• Your task
A copy of the listing below is needed, exact in every line and without images.

• Data
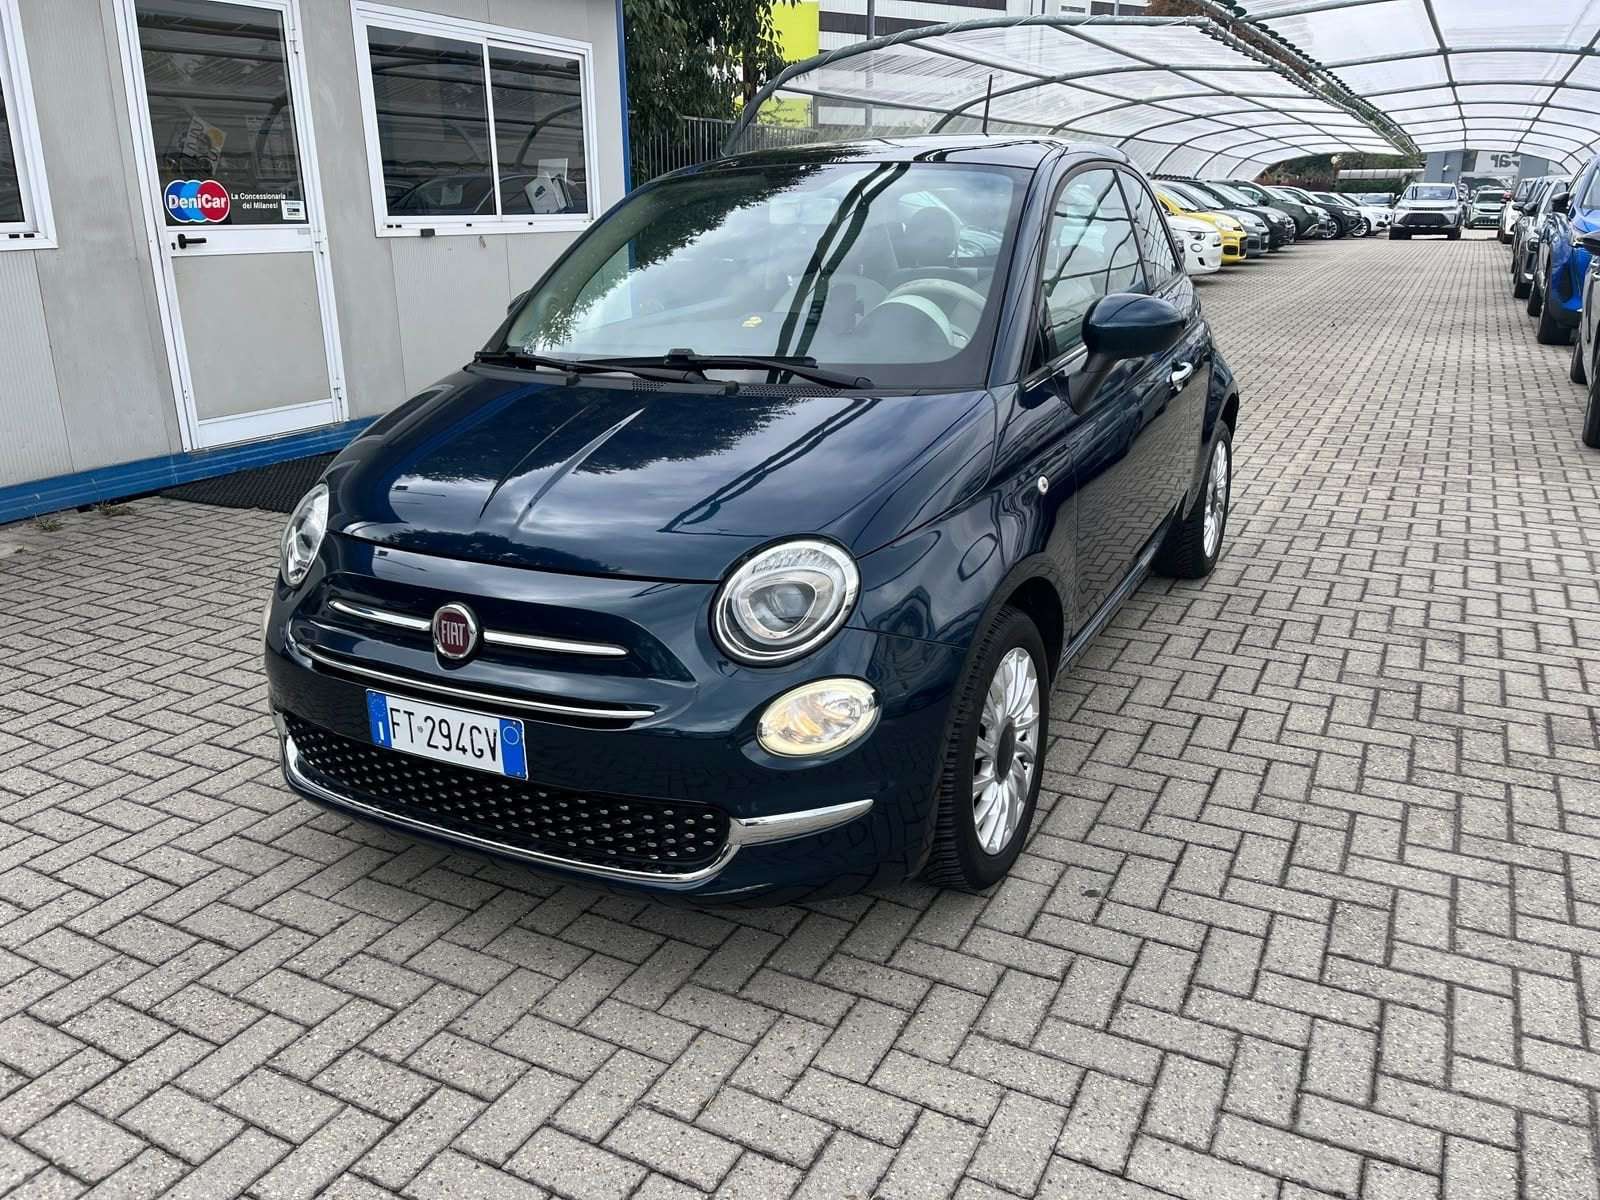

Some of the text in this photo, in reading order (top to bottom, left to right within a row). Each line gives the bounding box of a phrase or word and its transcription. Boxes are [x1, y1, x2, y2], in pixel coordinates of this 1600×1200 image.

[168, 193, 227, 209] DeniCar
[231, 192, 286, 200] La Concessionaria
[253, 201, 278, 209] Milanesi
[441, 620, 466, 646] FIAT
[389, 707, 498, 762] FT 294GV

• Answer below
Some of the text in this photo, in reading order (top to bottom, left to right within a row). Each line gives the bounding box of a phrase or word and its transcription. Boxes are [x1, y1, x2, y2], in pixel coordinates of this 1600×1200 image.

[168, 193, 227, 209] DeniCar
[231, 192, 286, 200] La Concessionaria
[253, 201, 278, 209] Milanesi
[441, 620, 466, 646] FIAT
[389, 707, 498, 762] FT 294GV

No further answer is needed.